I liked Benedict as a villain. I didn’t like that he was Khan (J.J. basically tricked him into the role anyway which is fucked up because he didn’t know he was playing Khan until after he’d signed the contract). I think Benedict was great and could have been equally as great as John Harrison or as some other villain and I also think Khan should have been left the hell alone.
I’m not ashamed to say it and there’s nothing wrong with what I said. We should be past doing things like this but we’re not and that is a major problem.
But I feel like I’m just beating a dead horse because you and everyone else are all going to just say the exact same thing and use all the praise Benedict is getting as an excuse for whitewashing and why “it’s ok so long as the actor is good”. It’s not. It’s not ok, it will never BE ok, and your excuses will remain just that- excuses.
AH, I HAVE DISCOVERED WHY I HATE YOUR GUTS.
He acts like Star Trek is no longer needed for its ability to address social issues, so now why not just turn it into a bright and shiny action flick and nothing else? Dizzy bastard.

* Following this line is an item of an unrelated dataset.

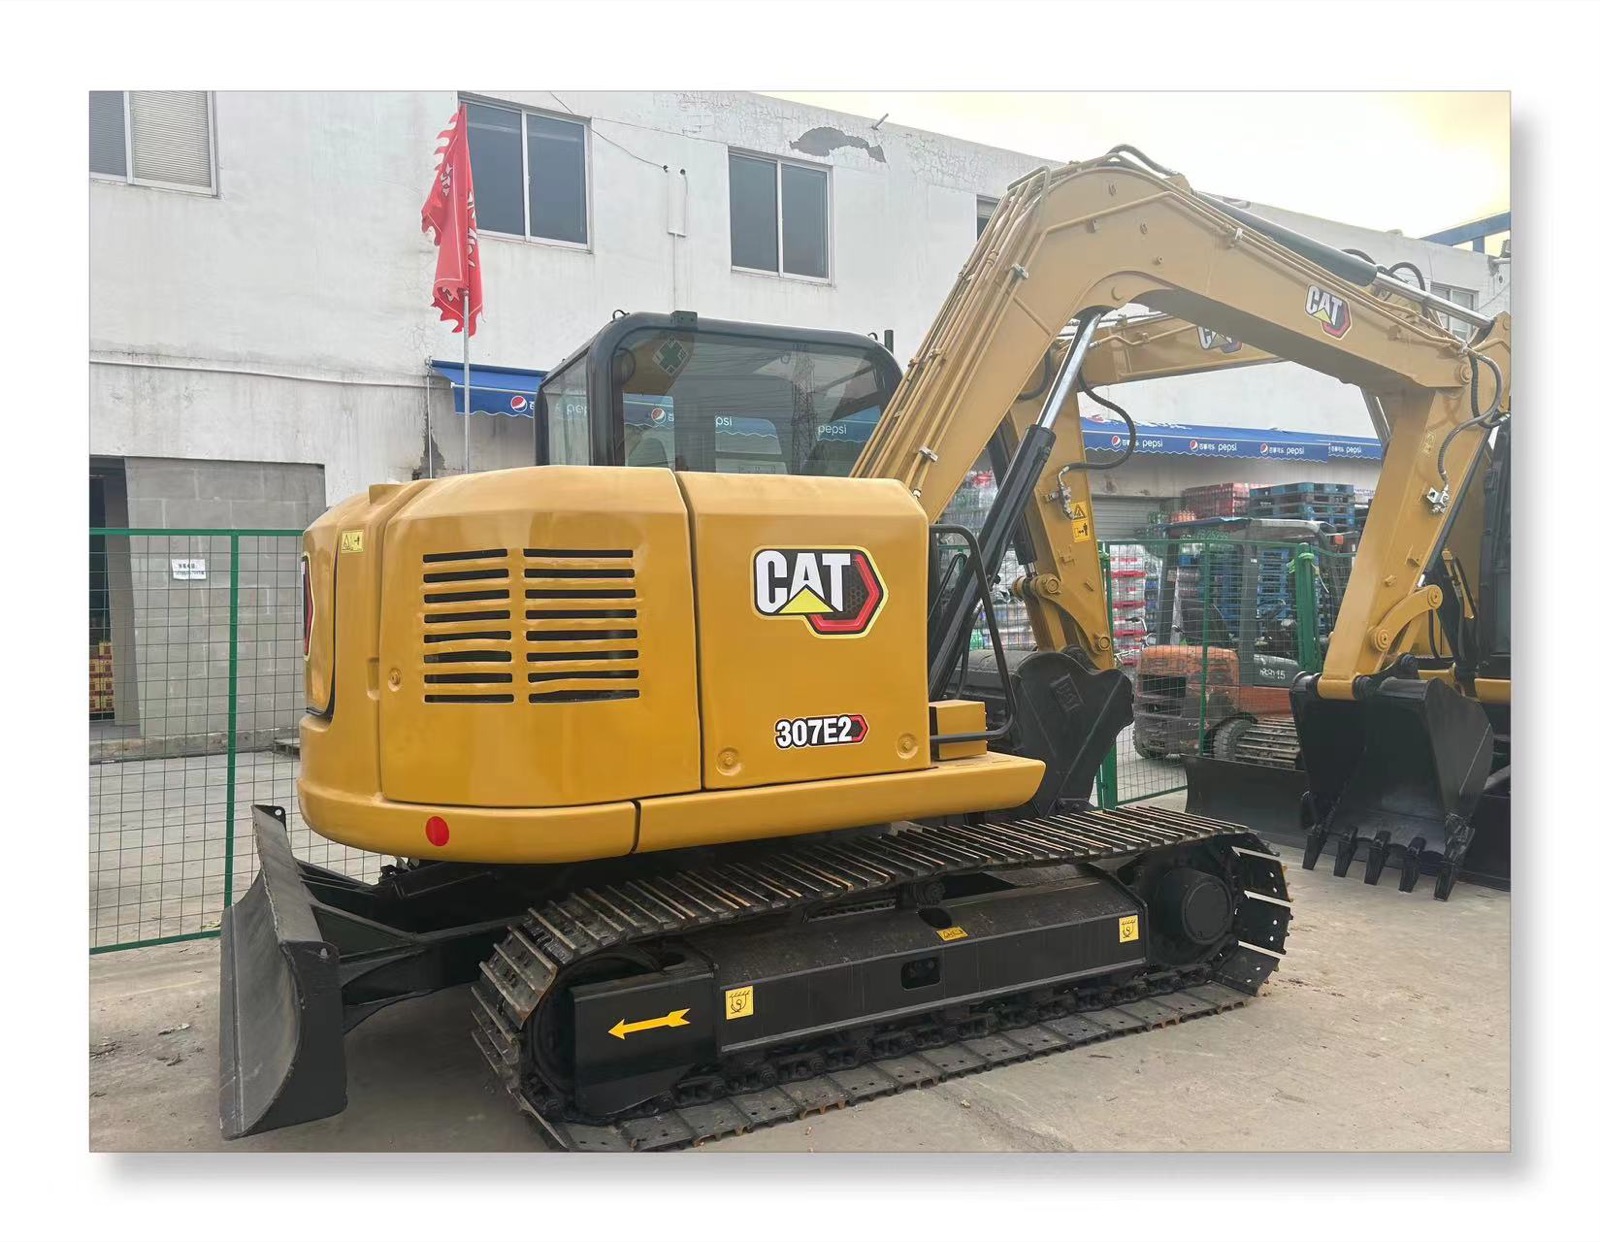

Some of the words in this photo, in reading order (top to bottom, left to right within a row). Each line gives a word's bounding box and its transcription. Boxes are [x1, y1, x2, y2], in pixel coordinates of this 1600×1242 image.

He took a project on without really realizing what it meant to so many people. I’m not just talking about those “crazy” nerds that stand in lines at conventions for hours. I’m talking about Marton Luther King Jr., who begged Nichelle Nichols not to quit the show. I’m talking about the hundreds of men and women that joined the navy or airforce, worked in the space industry, or became astronauts because of Star Trek. He’s forgotten all those people. He didn’t have faith that Star Trek in its purest form could reach all people– because it never reached him. So he molded it into something very different to fit a societal standard of action movies that pervades Hollywood today.
He missed that mark. And he pats himself on the back for it.
It got better.
(Source: koryuoftheriverflow)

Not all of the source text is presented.